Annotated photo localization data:

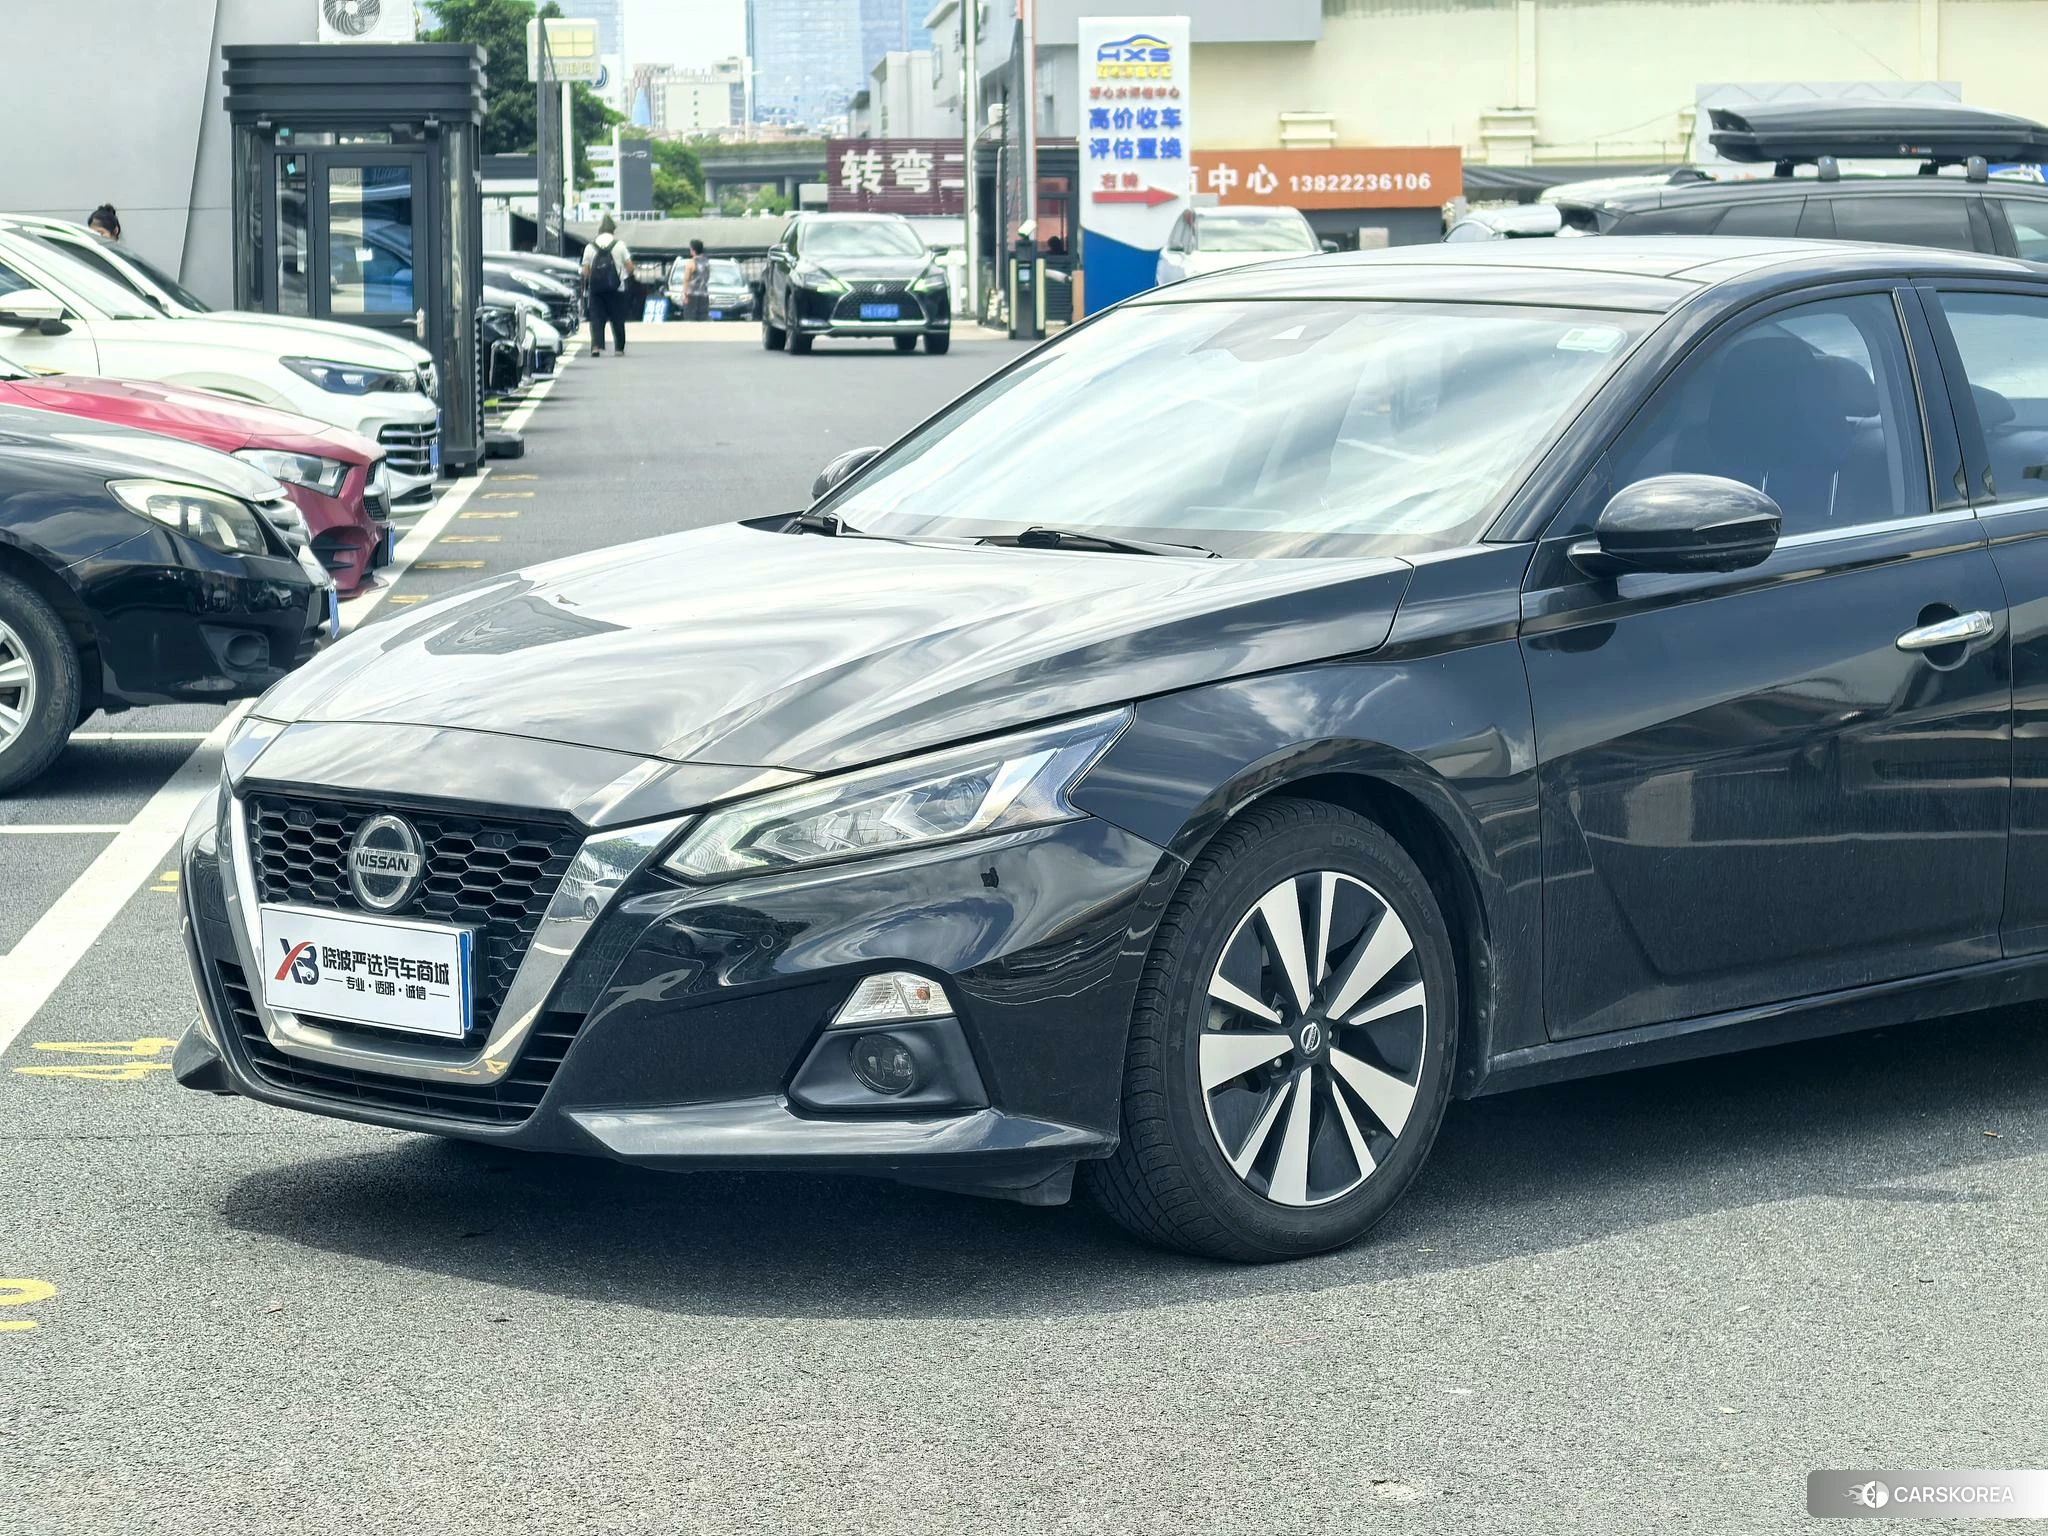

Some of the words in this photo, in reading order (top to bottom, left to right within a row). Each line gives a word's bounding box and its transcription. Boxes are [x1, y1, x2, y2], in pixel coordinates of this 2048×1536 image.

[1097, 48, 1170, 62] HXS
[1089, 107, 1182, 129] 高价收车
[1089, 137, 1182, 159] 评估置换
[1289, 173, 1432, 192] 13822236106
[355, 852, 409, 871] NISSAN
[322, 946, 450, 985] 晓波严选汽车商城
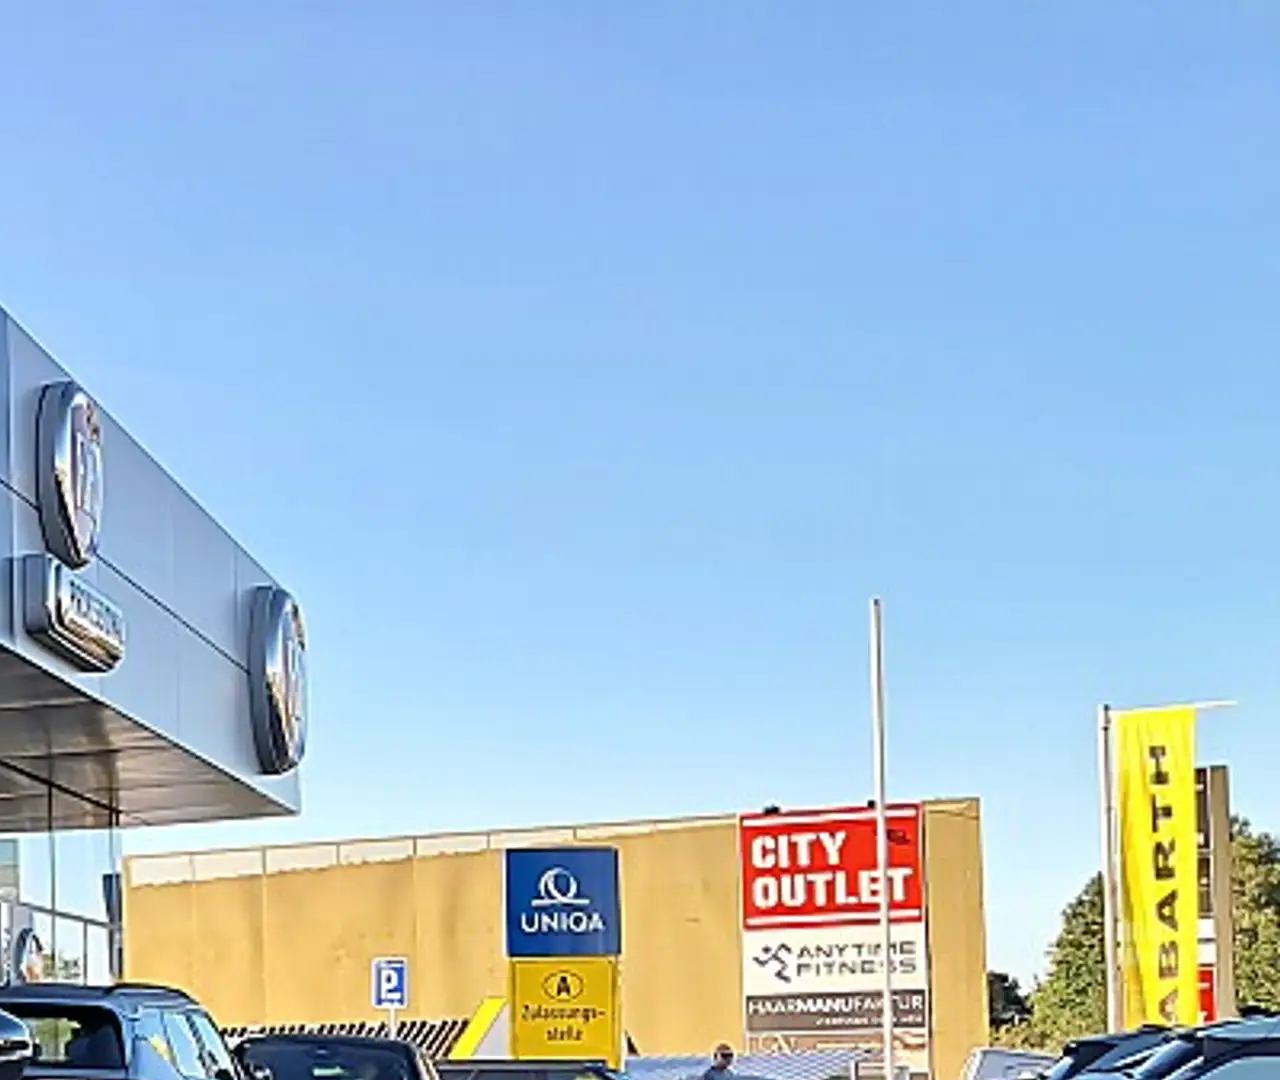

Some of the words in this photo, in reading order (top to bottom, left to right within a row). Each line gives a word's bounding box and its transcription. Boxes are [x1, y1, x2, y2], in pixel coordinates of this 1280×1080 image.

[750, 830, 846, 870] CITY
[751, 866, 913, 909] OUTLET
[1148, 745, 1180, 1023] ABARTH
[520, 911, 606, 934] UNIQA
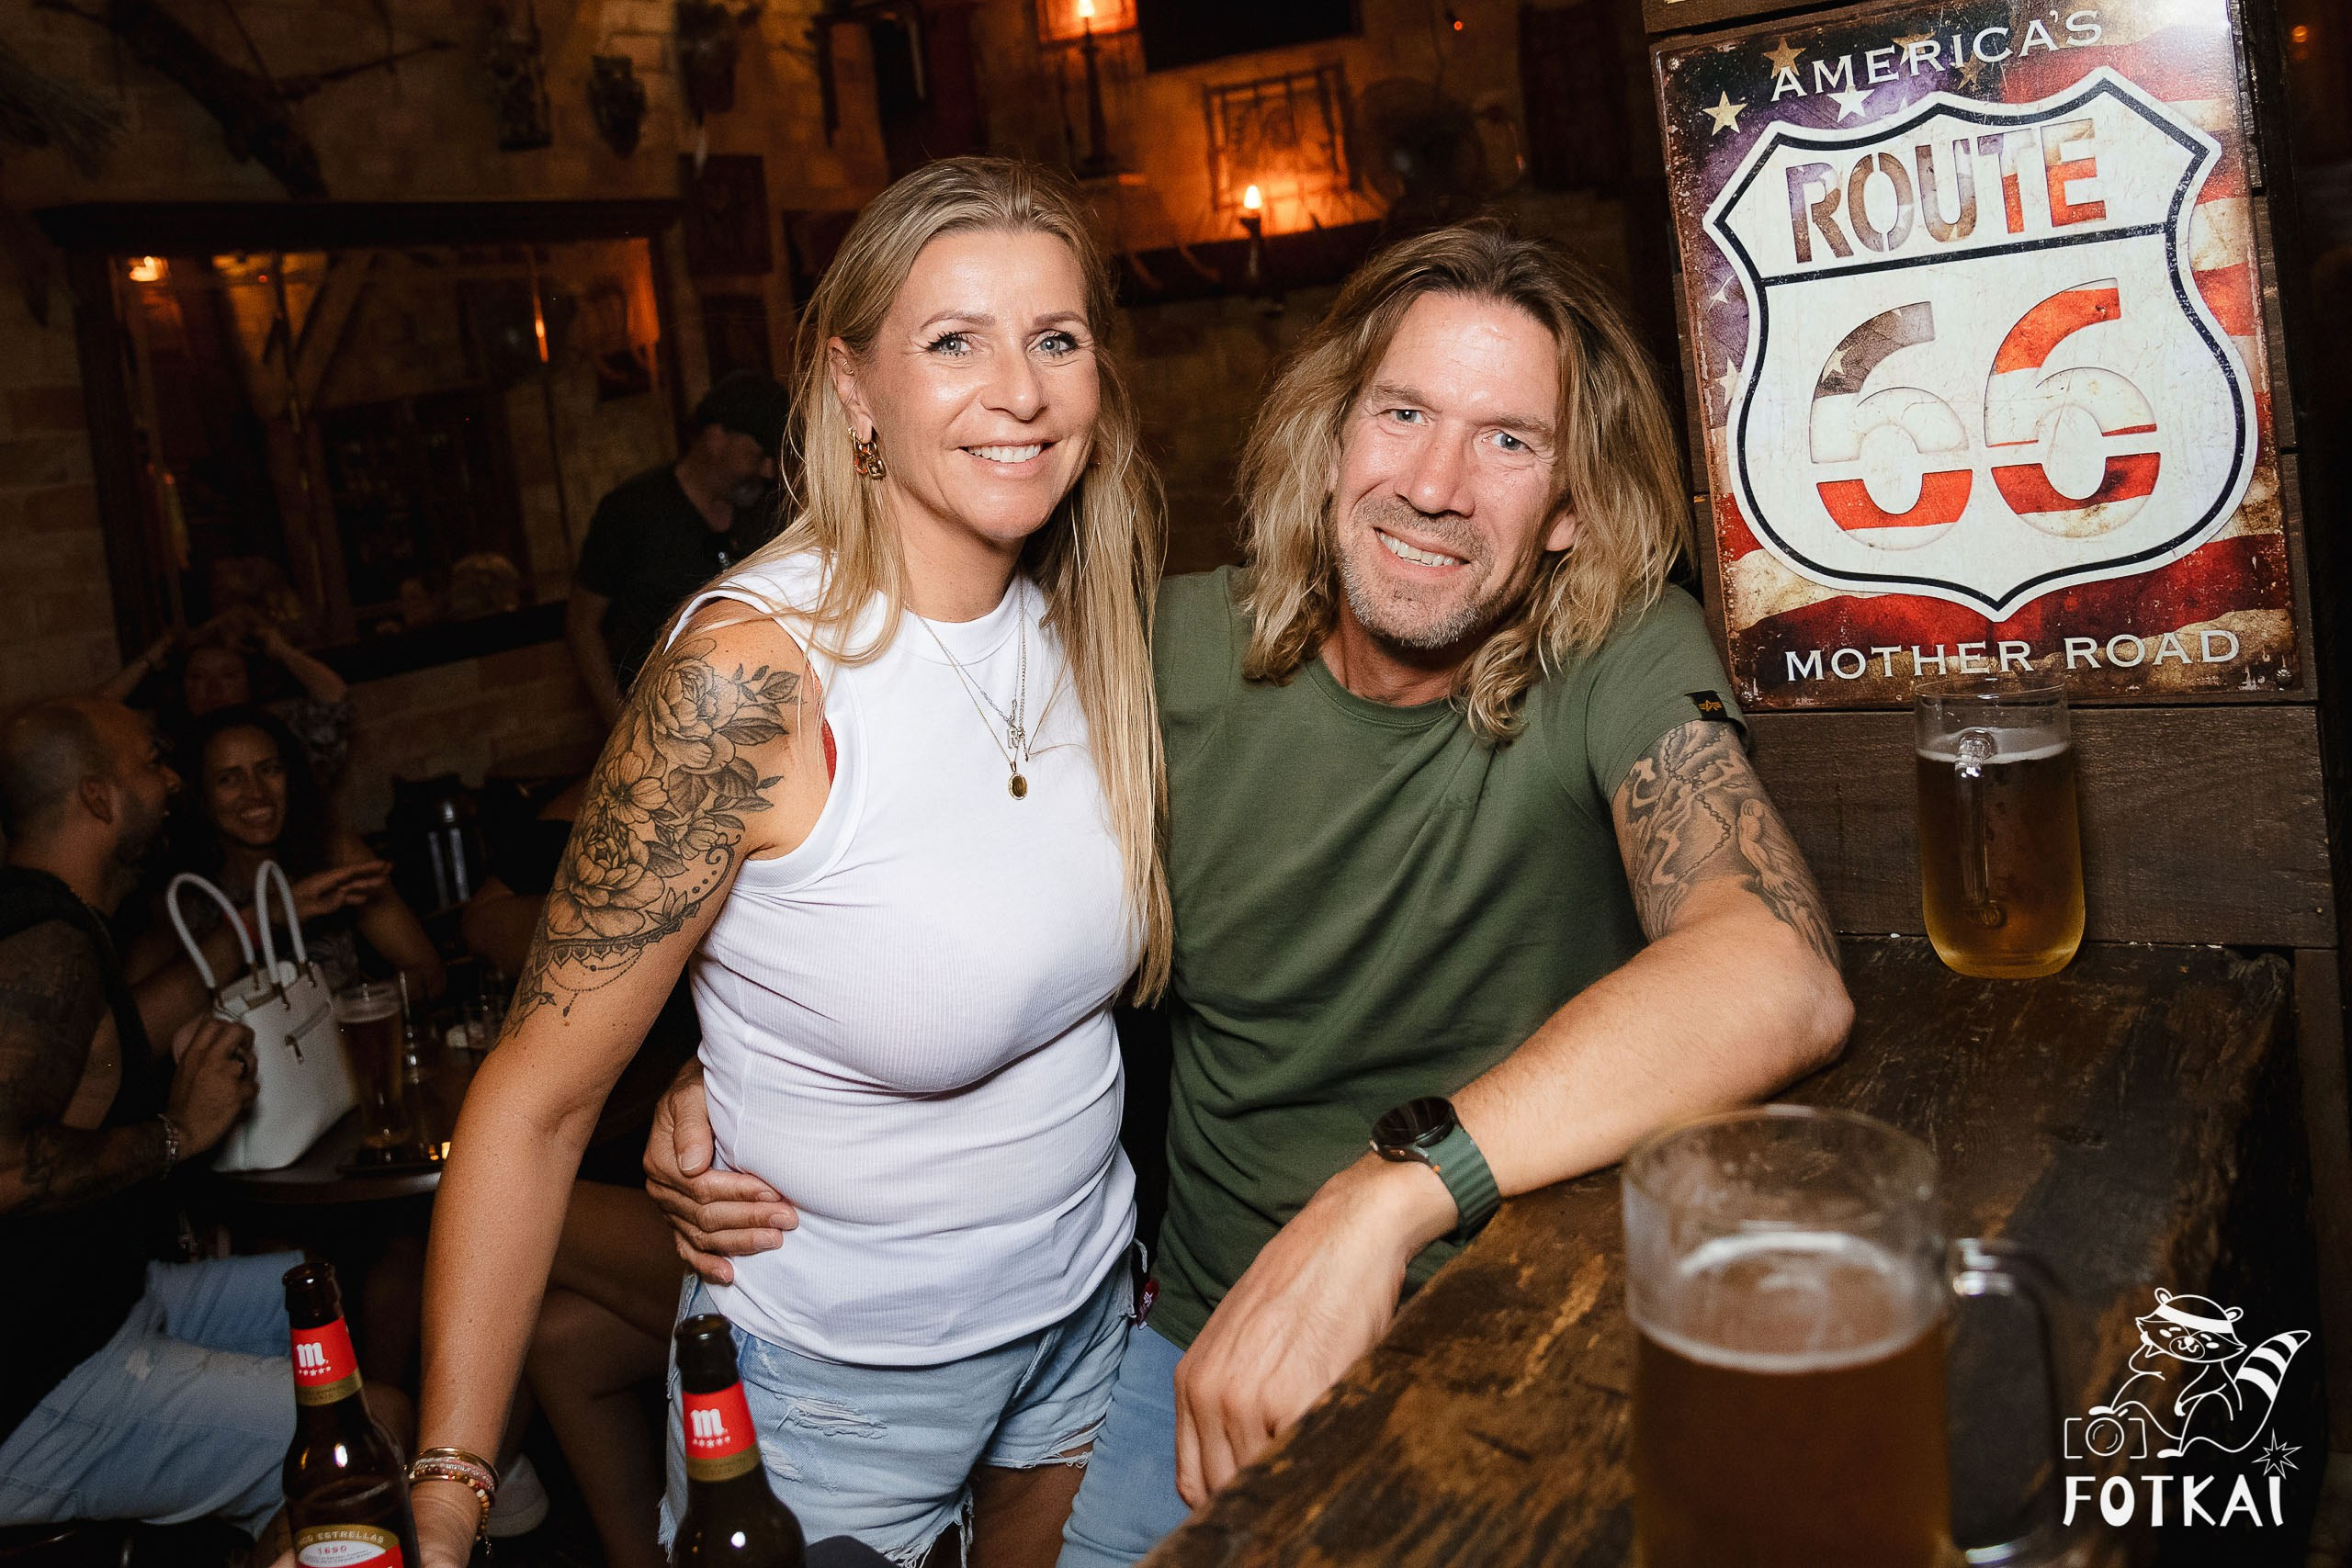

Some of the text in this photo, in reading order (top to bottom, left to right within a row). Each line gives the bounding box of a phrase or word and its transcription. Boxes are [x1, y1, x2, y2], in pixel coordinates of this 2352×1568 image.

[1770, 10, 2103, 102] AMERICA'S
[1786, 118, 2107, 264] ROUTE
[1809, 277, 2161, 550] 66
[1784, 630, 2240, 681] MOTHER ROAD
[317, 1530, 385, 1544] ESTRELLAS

§ **TASK**
Would you retype each line above exactly and skip every image?

§ **SOLUTION**
Some of the words in this photo, in reading order (top to bottom, left to right within a row). Each line gives a word's bounding box and its transcription. Boxes are [x1, y1, x2, y2], in pixel coordinates of this 2048×1536 image.

[1097, 48, 1170, 62] HXS
[1089, 107, 1182, 129] 高价收车
[1089, 137, 1182, 159] 评估置换
[1289, 173, 1432, 192] 13822236106
[355, 852, 409, 871] NISSAN
[322, 946, 450, 985] 晓波严选汽车商城

Some of the words in this photo, in reading order (top to bottom, left to right within a row). Each line gives a word's bounding box and its transcription. Boxes are [x1, y1, x2, y2], in pixel coordinates of this 1280×1080 image.

[750, 830, 846, 870] CITY
[751, 866, 913, 909] OUTLET
[1148, 745, 1180, 1023] ABARTH
[520, 911, 606, 934] UNIQA

Some of the text in this photo, in reading order (top to bottom, left to right within a row). Each line gives the bounding box of a phrase or word and its transcription. Boxes are [x1, y1, x2, y2], in pixel coordinates of this 2352×1568 image.

[1770, 10, 2103, 102] AMERICA'S
[1786, 118, 2107, 264] ROUTE
[1809, 277, 2161, 550] 66
[1784, 630, 2240, 681] MOTHER ROAD
[317, 1530, 385, 1544] ESTRELLAS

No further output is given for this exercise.